Panasonic Corp., headquartered in Osaka, is one such firm that has continued its CSR efforts in Tohoku.

“As a company, we feel that CSR activities in the devastated areas should not be just temporary, but continuous. We want to make the right effort by listening to the demands of the people in the disaster-hit areas,” said public relations officer Yayoi Watanabe.

“More recently, we have been putting a strong emphasis on supporting the next generation — the young,” she said.

Regarding young people, “Kitto waraeru 2021″ (No doubt you can smile in 2021) is a program aimed at bringing smiles back to children’s faces, through the loaning of audiovisual equipment from Panasonic, allowing the students to film two videos: “What they want to tell people now” and “A message for themselves 10 years on.”

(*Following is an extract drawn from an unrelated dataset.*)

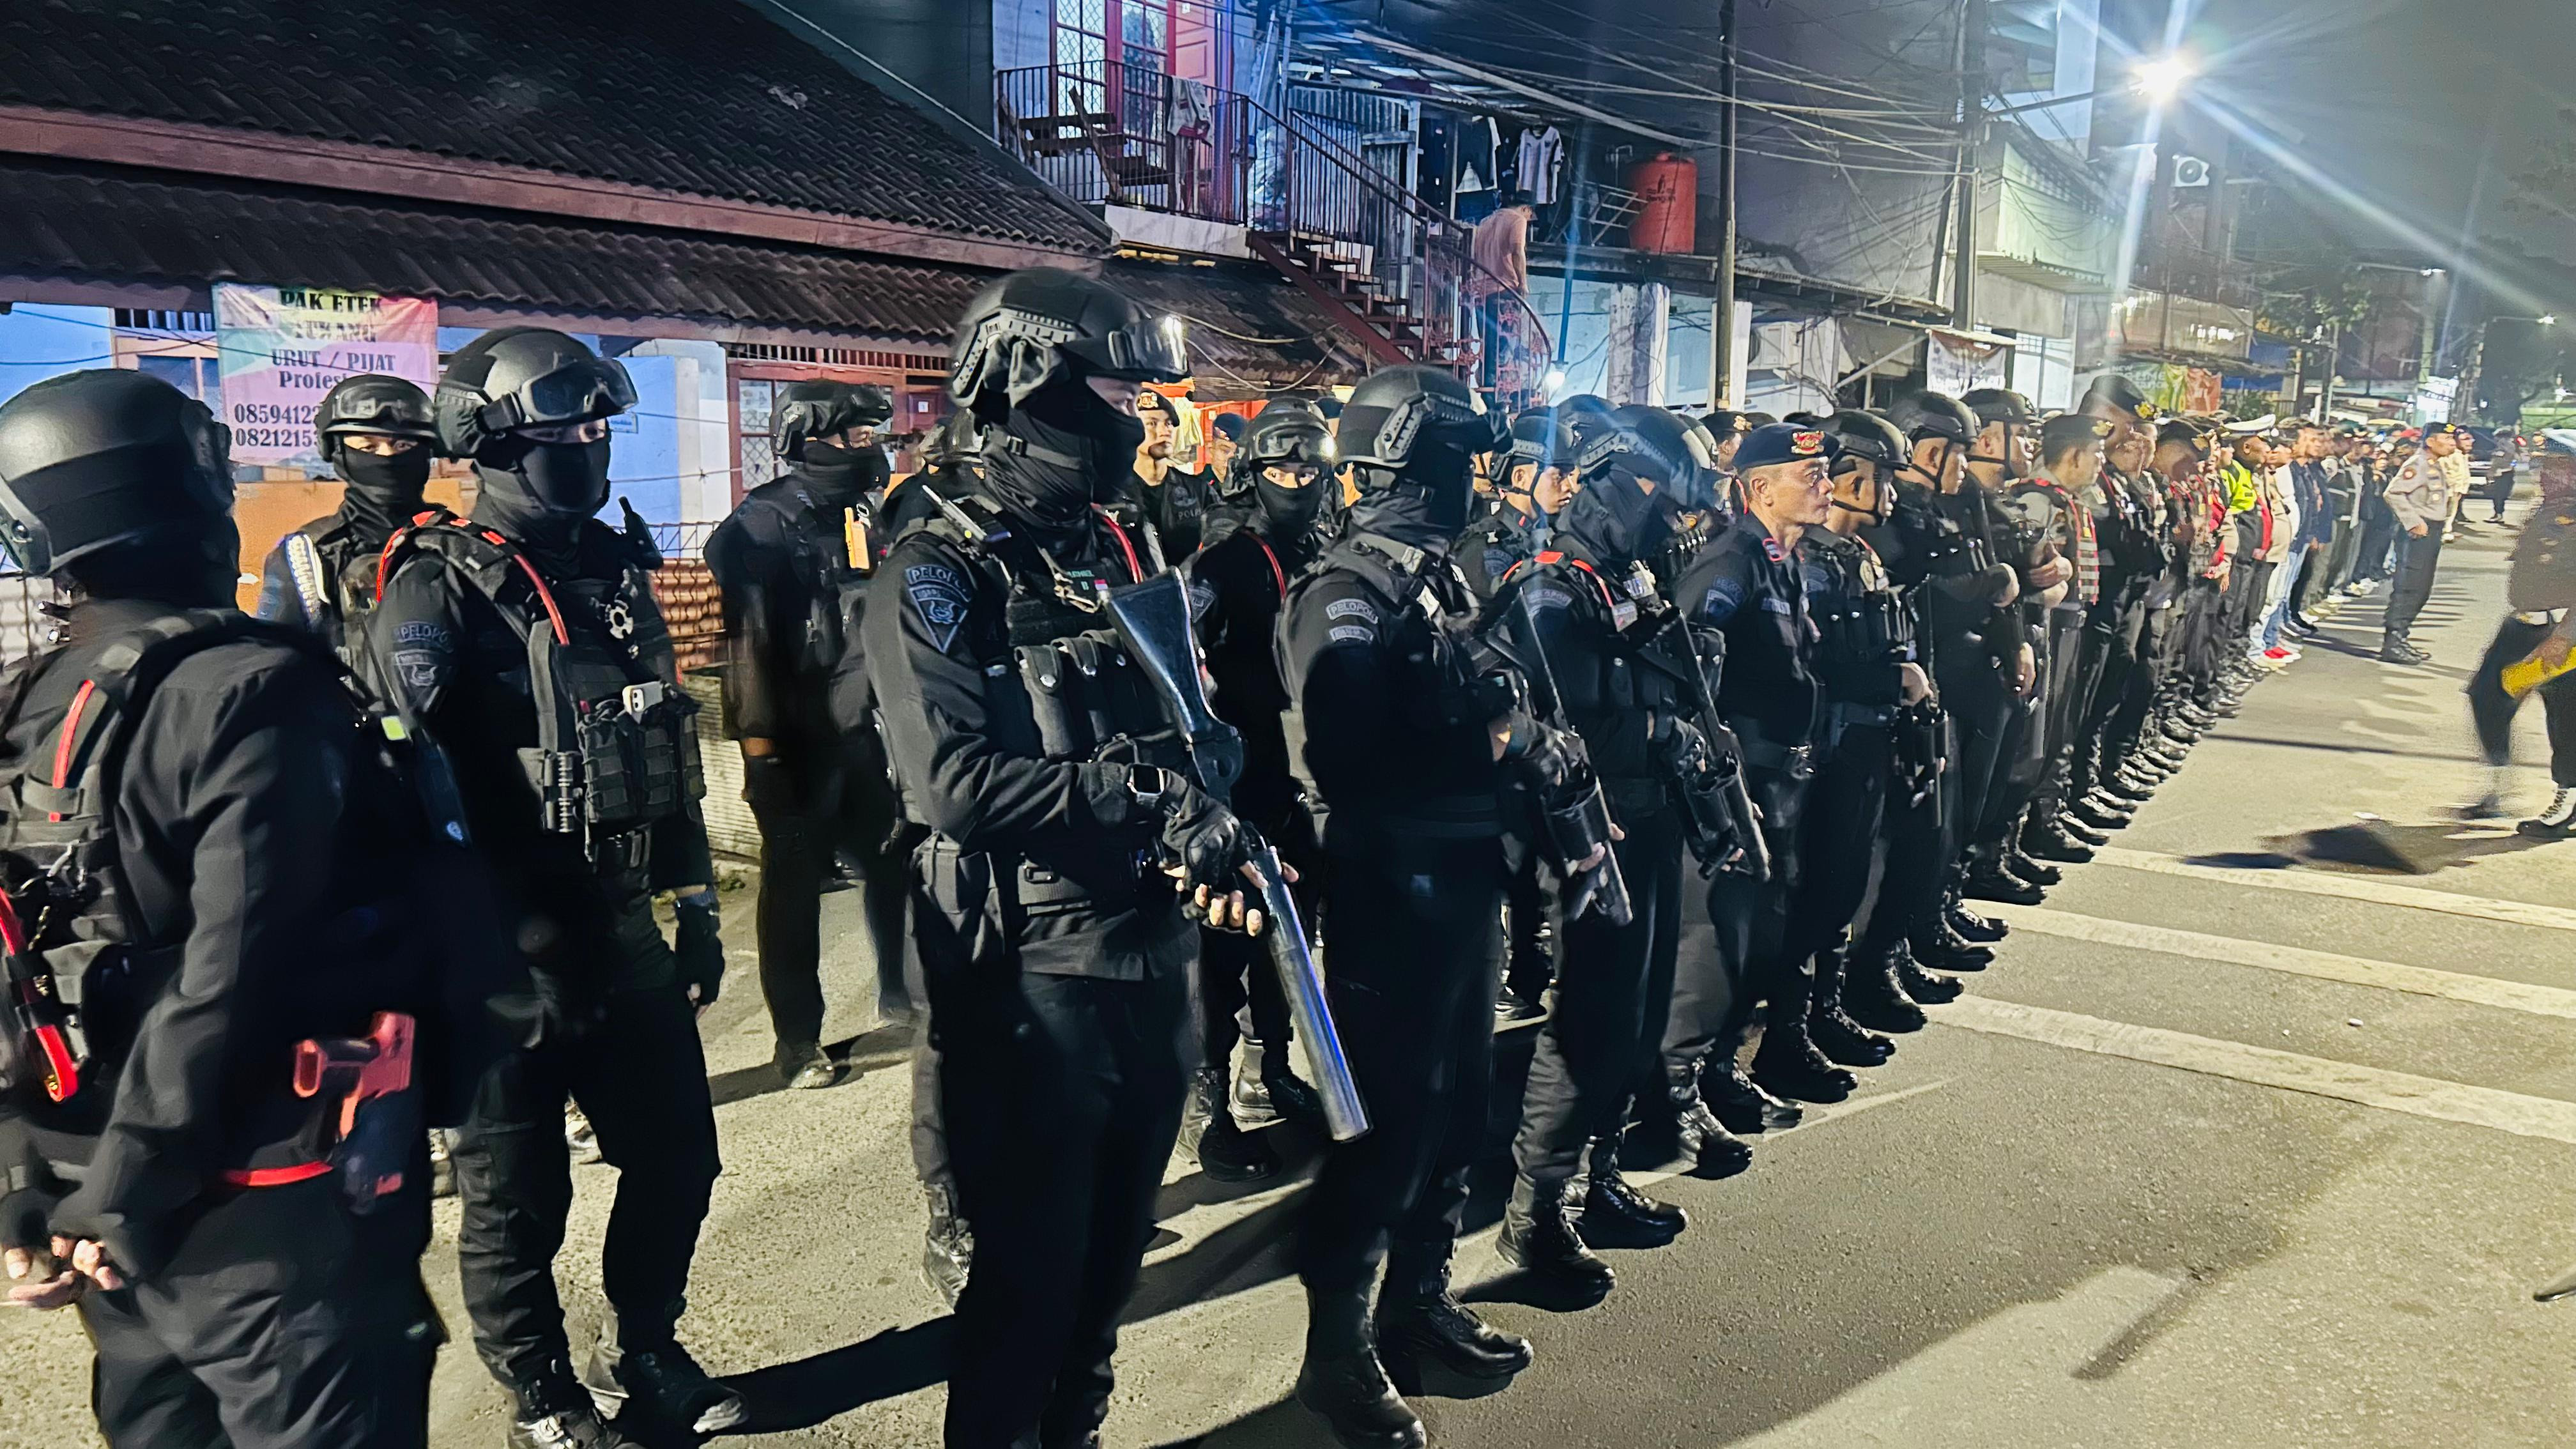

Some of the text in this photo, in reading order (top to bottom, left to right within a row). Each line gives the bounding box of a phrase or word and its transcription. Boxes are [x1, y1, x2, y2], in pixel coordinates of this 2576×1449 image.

[280, 290, 323, 310] PAK
[272, 348, 396, 371] URUT / PIJAT

The program has been carried out in 19 elementary and junior high schools in Iwate, Fukushima, and Miyagi prefectures since September 2011, with volunteer staff from the company giving advice to students on the technical part of the filming process.

The Tokyo branch of U.S. securities company Morgan Stanley is another firm that has been supporting the people in Tohoku after the disaster, assisting with a wide range of volunteer programs.

Since June 2011, company employees have engaged in onsite recovery efforts to support communities in quake-hit areas.

Specifically, volunteer staff from the company spent several weekends right after the disaster, taking part in onsite recovery efforts in Ishinomaki, Miyagi Prefecture, removing debris from houses and gardens and clearing mud out of street gutters.

“We expanded our volunteer leave allowance to provide employees the opportunity to engage in earthquake-related volunteer activities. We allowed employees to take up to five days of leave until December 2012, instead of only one day, which was the original policy,” said a Morgan Stanley spokesman.

Additionally, in collaboration with Second Harvest Japan, a nonprofit organization specializing in sending food to those in need, including disaster-hit areas, nearly 100 employees volunteered to pack and send a total of five tons of food to the disaster-hit areas.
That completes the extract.